Ao todo, as propostas encaminhadas pela prefeitura à Câmara Municipal de Belo Horizonte preveem a criação de 424 vagas, incluindo a origem de uma secretaria-adjunta e uma diretoria com cargos comissionados. A previsão de gastos em dois dos três projetos é de mais de R$ 760 mil. A outra proposta não traz estimativa do montante a ser desembolsado pelo ente público, mas prevê salários que variam de R$ 5,1 mil a R$ 14,1 mil para 400 pessoas.

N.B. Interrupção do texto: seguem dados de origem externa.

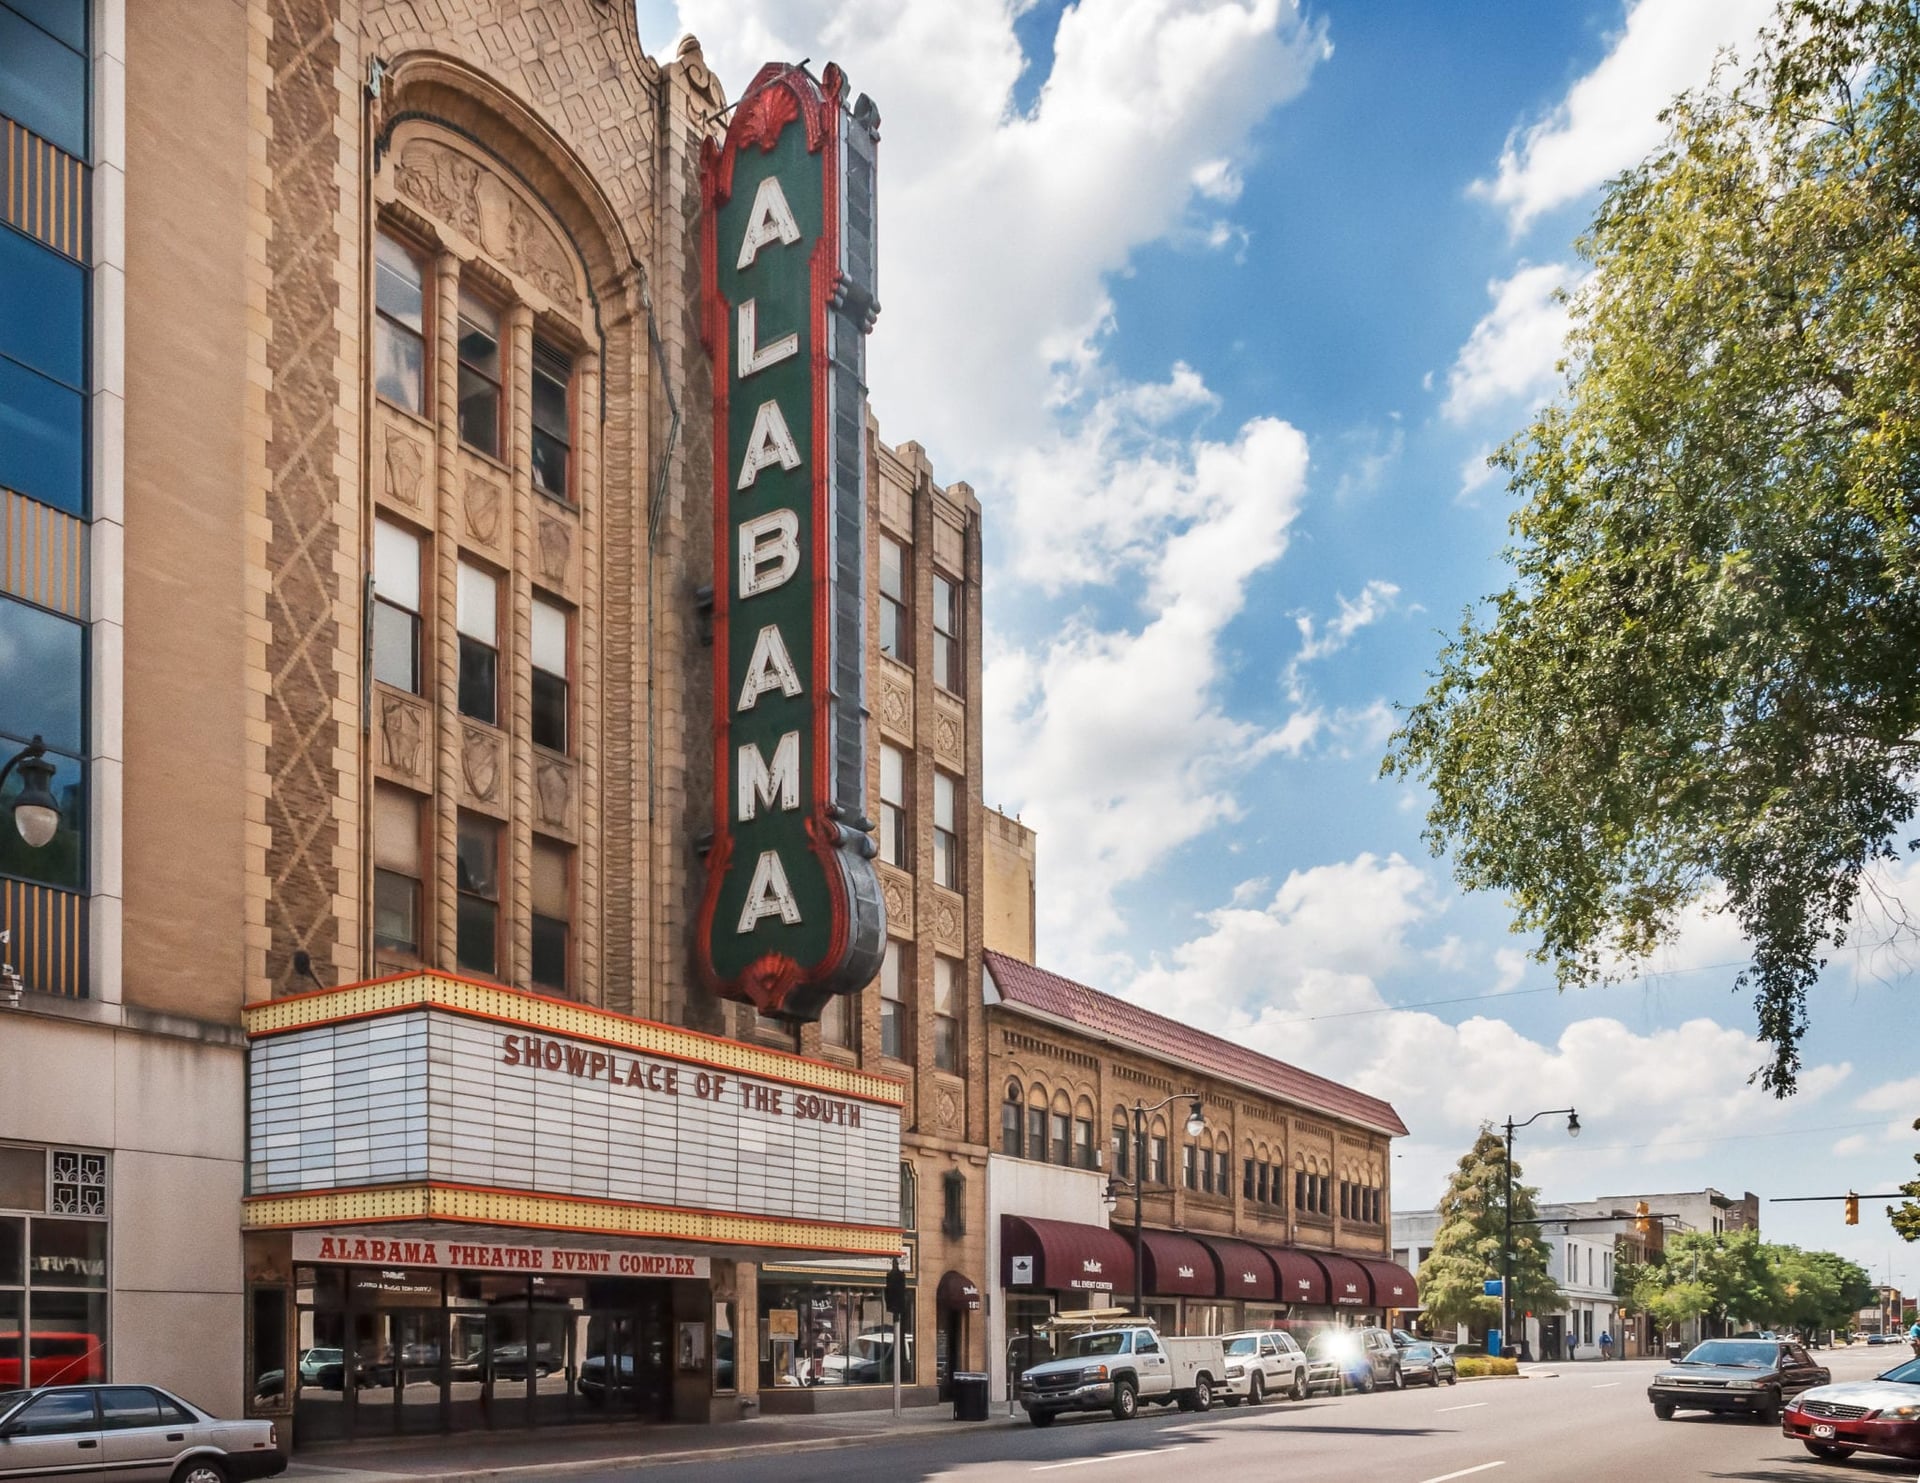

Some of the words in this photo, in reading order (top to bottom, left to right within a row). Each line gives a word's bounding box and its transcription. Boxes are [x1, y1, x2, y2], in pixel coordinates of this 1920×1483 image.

[736, 175, 802, 935] ALABAMA
[503, 1034, 678, 1096] SHOWPLACE
[695, 1072, 726, 1101] OF
[740, 1082, 783, 1115] THE
[794, 1093, 861, 1129] SOUTH
[318, 1237, 438, 1265] ALABAMA
[449, 1244, 542, 1269] THEATRE
[552, 1250, 611, 1272] EVENT
[619, 1254, 695, 1276] COMPLEX
[1081, 1280, 1095, 1288] EVENT
[1096, 1281, 1112, 1290] CENTER

Ao mesmo tempo, a prefeitura busca empréstimo de R$ 200 milhões para atender ações definidas pelo Plano Plurianual de Ação Governamental (PPAG). O chamamento para apresentação de propostas por parte de instituições financeiras do país e do exterior foi publicado no Diário Oficial do Município (DOM) na edição do dia 14 de novembro.

Além disso, o município ainda criou um programa de renegociação de débitos que prevê desconto sobre multas e juros de até 100%. Ações que demonstram o interesse da PBH em tentar arrecadar mais e equacionar as contas.

Propostas

Um dos projetos encaminhados pela prefeitura para a Câmara, o PL 1.665/2015 já foi aprovado nos dois turnos em plenário e está em fase de redação final. Ele cria dois novos cargos comissionados para a Fundação Municipal de Cultura que serão lotados na nova Diretoria do Conjunto Moderno da Pampulha.

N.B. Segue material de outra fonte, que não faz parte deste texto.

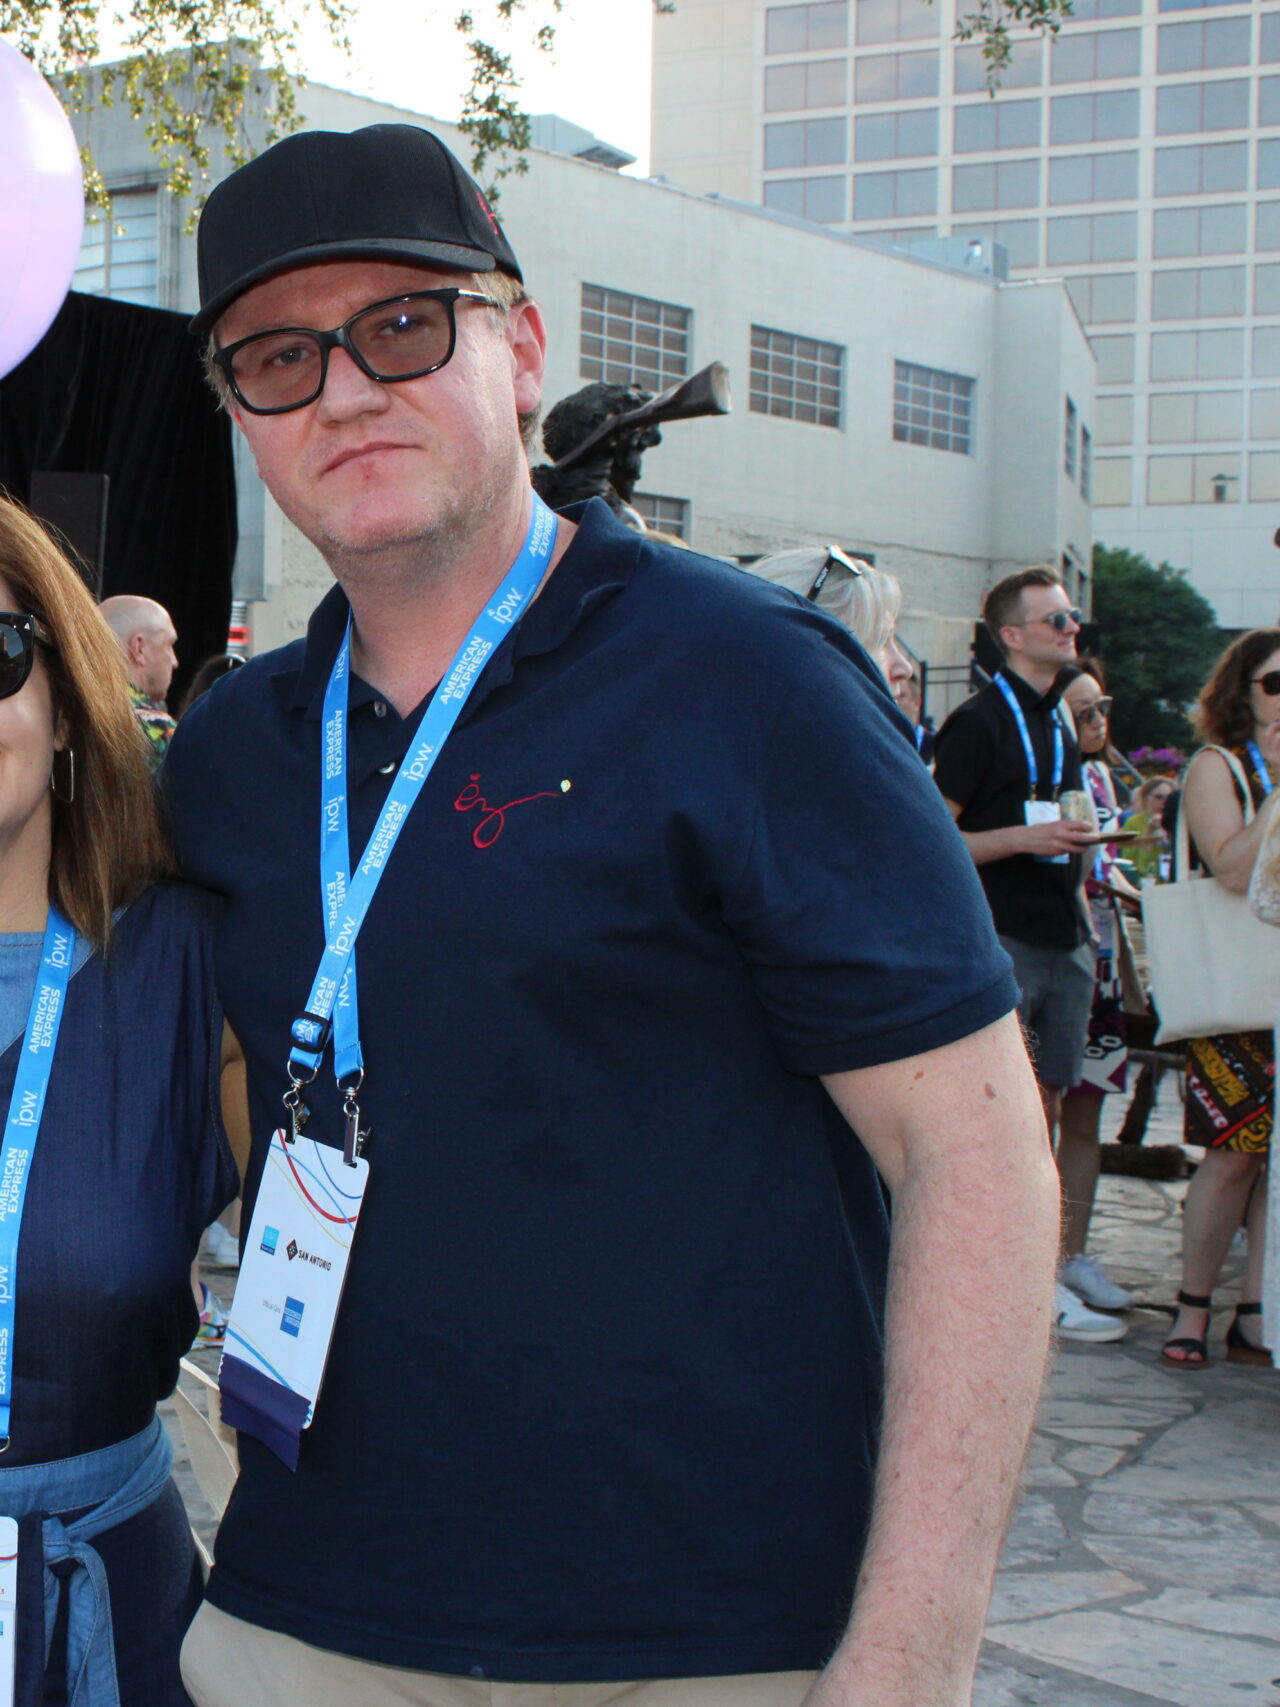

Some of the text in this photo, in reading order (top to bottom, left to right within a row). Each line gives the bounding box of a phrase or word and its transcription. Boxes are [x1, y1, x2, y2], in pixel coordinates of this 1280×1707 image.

[487, 587, 522, 624] ipw
[440, 636, 483, 705] AMERICAN
[453, 641, 493, 700] EXPRESS
[326, 720, 336, 780] EXPRESS
[333, 709, 343, 776] AMERICAN
[402, 742, 434, 782] ipw
[324, 795, 345, 833] ipw
[362, 801, 399, 875] AMERICAN
[372, 803, 407, 869] EXPRESS
[44, 933, 68, 969] ipw
[329, 916, 356, 957] ipw
[28, 985, 51, 1054] AMERICAN
[40, 988, 61, 1048] EXPRESS
[11, 1090, 38, 1127] ipw
[7, 1149, 28, 1214] EXPRESS

A justificativa do prefeito Marcio Lacerda (PSB) é que há necessidade dos profissionais para atuar na gestão integrada das áreas que serão demandadas para a candidatura do Conjunto Moderno da Pampulha ao posto de Patrimônio da Humanidade. A candidatura já foi aceita pela Unesco e está em andamento.

O Projeto de Lei 1.721/2015 cria uma secretaria-adjunta com a missão de integrar e gerir de forma informatizada “todas as áreas de interesse do cidadão de forma a criar políticas públicas mais eficazes”.

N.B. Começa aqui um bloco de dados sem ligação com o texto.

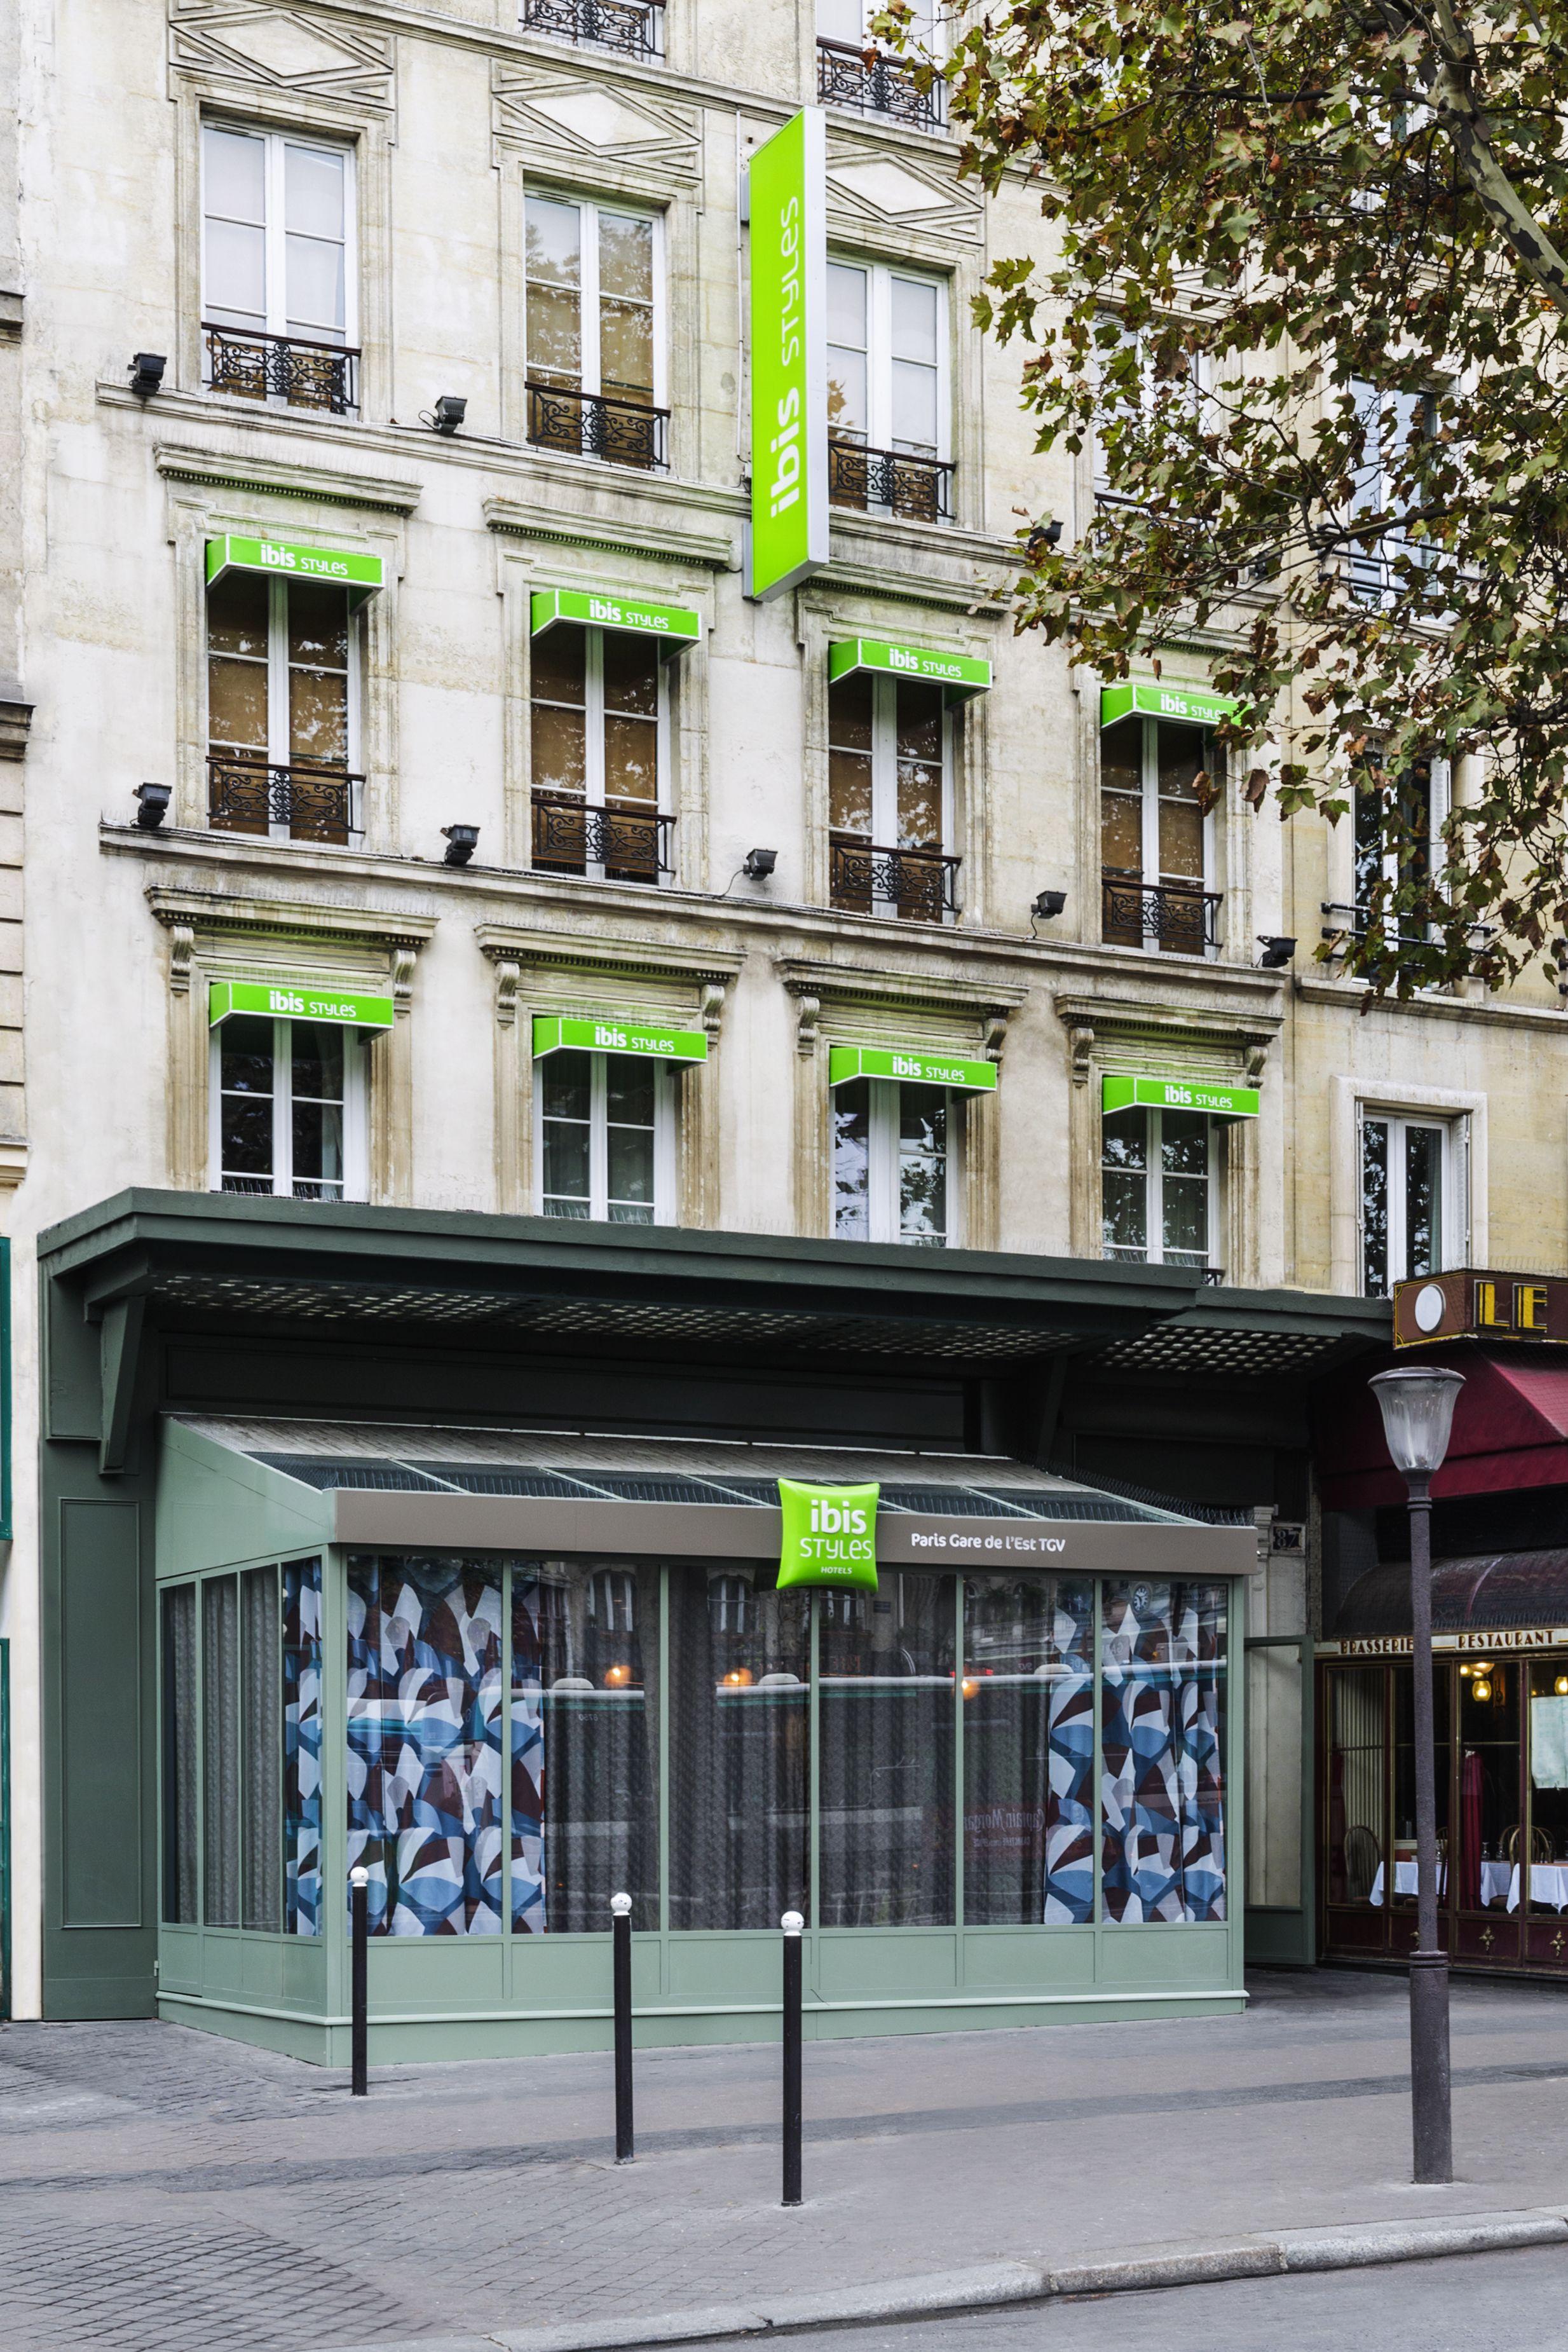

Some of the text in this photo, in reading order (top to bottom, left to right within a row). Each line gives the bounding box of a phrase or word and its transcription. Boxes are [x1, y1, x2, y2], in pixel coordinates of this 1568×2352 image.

[770, 387, 800, 517] ibis
[261, 544, 296, 568] ibis
[589, 599, 622, 622] ibis
[889, 648, 918, 670] ibis
[1160, 693, 1227, 721] ibis STYLE
[269, 990, 304, 1013] ibis
[595, 1026, 627, 1047] ibis
[892, 1056, 922, 1076] ibis
[1165, 1085, 1192, 1104] ibis
[1473, 1279, 1548, 1333] LE
[810, 1499, 866, 1535] ibis
[911, 1533, 946, 1547] Paris
[949, 1533, 982, 1549] Gare
[985, 1535, 1002, 1549] de
[1039, 1538, 1066, 1552] TGV
[1278, 1530, 1298, 1547] 87
[820, 1566, 852, 1575] HOTELS
[1458, 1630, 1555, 1649] RESTAURANT

Para a Secretaria Municipal-Adjunta do Centro de Operações de Belo Horizonte estão previstos 22 cargos, com gasto previsto de R$ 608,9 mil. A proposta já foi aprovada em primeiro turno e está conclusa para votação em segundo turno no plenário.

Polêmica

O único que não está encaminhado é o PL 1.698/2015, que institui a carreira de especialista em Políticas Públicas e Gestão Municipal para a qual são previstas 400 vagas. O projeto propõe que o provimento se dê por meio de aprovação do candidato em curso específico de formação profissional na área da gestão pública, ministrado por instituição de ensino contratada e/ou conveniada pelo município.

Após causar polêmica entre vereadores e servidores públicos, a tramitação da proposta foi suspensa no dia 23 de setembro pelo líder do governo na Câmara, vereador Preto (DEM). O texto pode agora voltar para análise ou ser retirado, sendo que não há prazo limite para que isso ocorra.

Procurada pelo Hoje em Dia para comentar sobre a proposição de projetos que aumentariam o gasto do município com pessoal em meio a uma situação de queda de receita, a Prefeitura de Belo Horizonte não quis falar sobre o assunto. Por meio de nota, a PBH se limitou a dizer que “não comenta projetos de lei em andamento na Câmara Municipal”.